Re: Interface view of dictionaries Francisco Solsona 29 Oct 2003 01:34 UTC

"Bradd W. Szonye" <xxxxxx@szonye.com> writes:

> I'm trying to tell you that we need more experience with the interface
> to verify that it's good. I'm not claiming that it *isn't* good, but
> only that its quality is currently *unknown*. That doesn't make it bad,
> but it does make it immature, and the SRFI process is specifically
> supposed to discourage immature implementations.

Most SRFI implementations are immature, and in reality the SRFI
process is not about discouraging reference implementations, or
outlines of how a SRFIs can be implemented.

The SRFI process (http://srfi.schemers.org/srfi-process.html)
explicitly states this (regarding reference implementations):

    5. An outline of how it might be implemented. This should be
    considered a last resort, and in this case the rationale for the
    feature must be stronger.

so, I think we can safely assume (based on the last 70 messages to
this list), that the `rationale' for SRFI-44 is at the culprit.
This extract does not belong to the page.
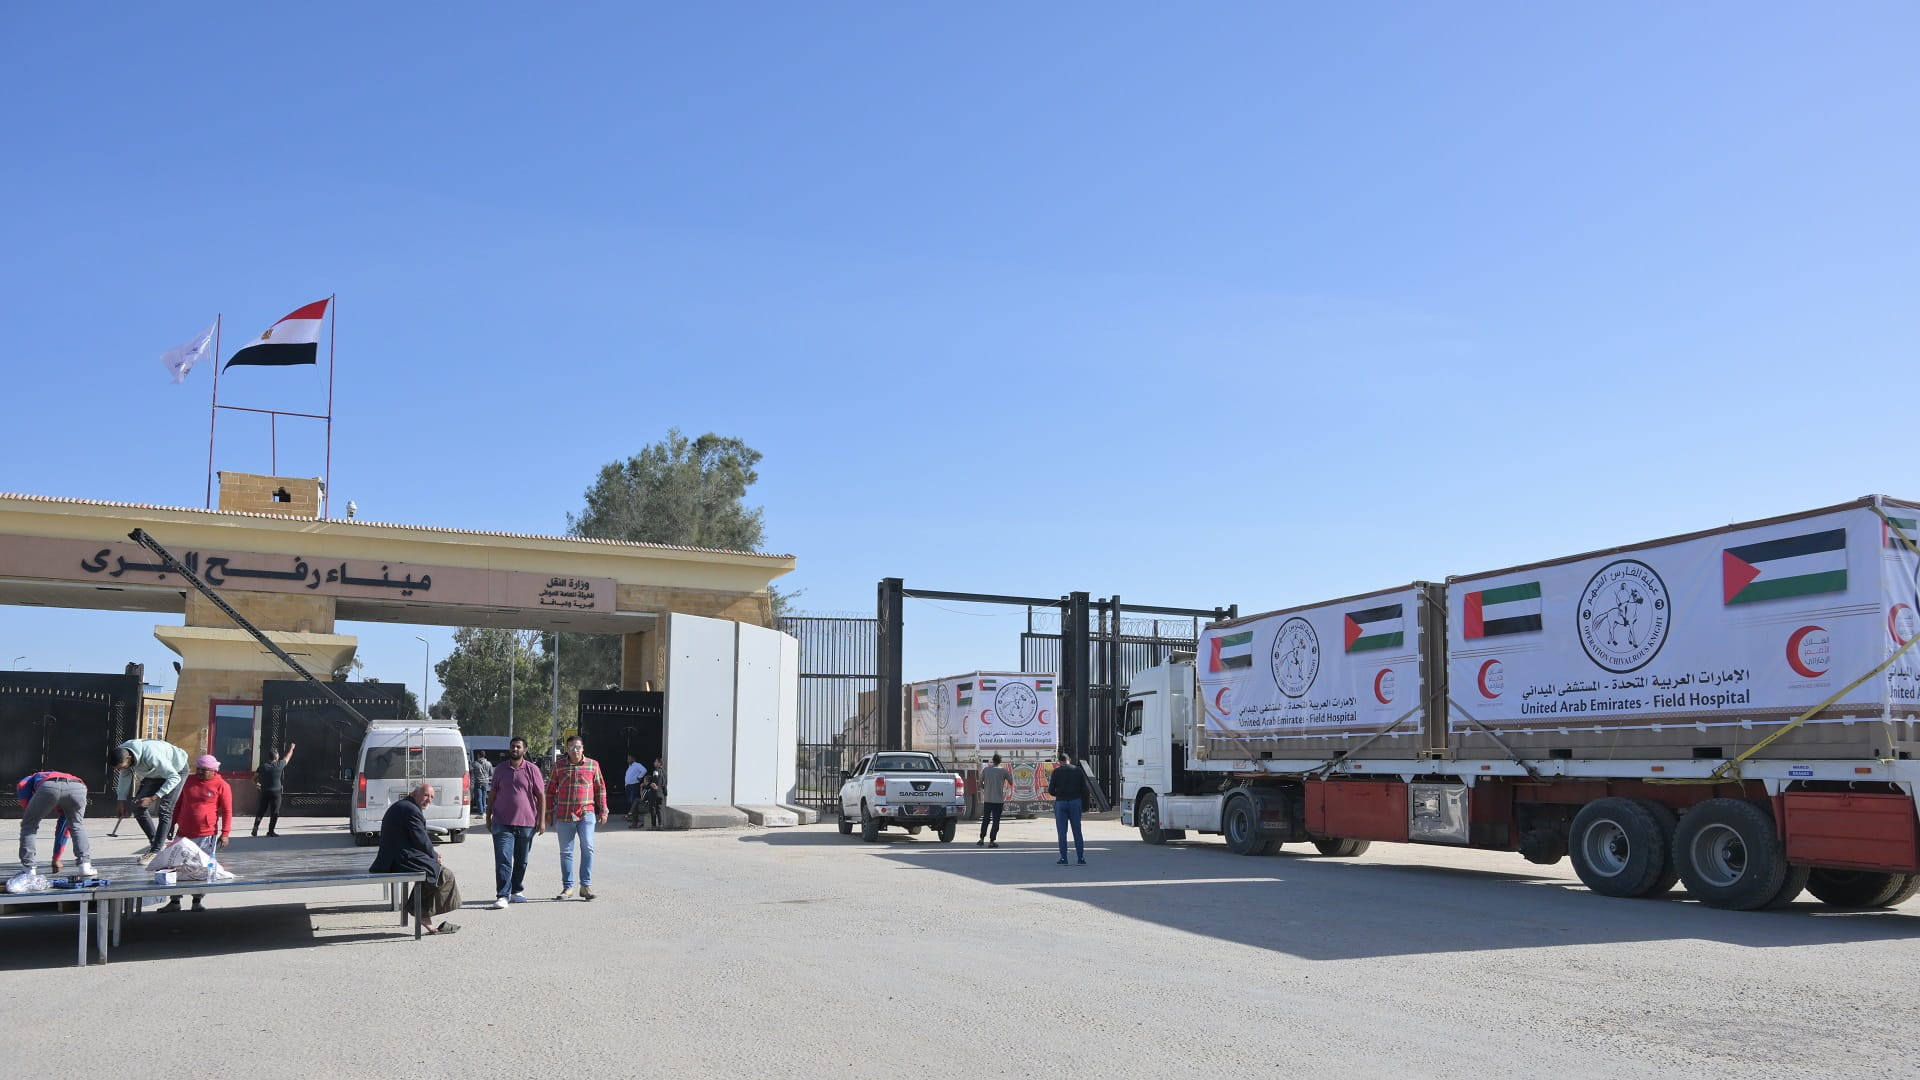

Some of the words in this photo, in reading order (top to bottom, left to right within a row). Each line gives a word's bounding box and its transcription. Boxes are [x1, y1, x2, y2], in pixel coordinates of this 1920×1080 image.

Talking about SRFI-44's rationale, I think that it clearly states its
intention of offering a solid set of features that *other* (future)
specifications may follow.  It does not preclude adding more features
to future APIs.

I believe that that's a very *strong* rationale for a SRFI.  Now, if
the problem is the set of core operations included, then I expect the
discussion to help improve it, maybe even more drastic options such as
splitting the SRFI to provide different sets of core operations for
different (still _future_) specifications.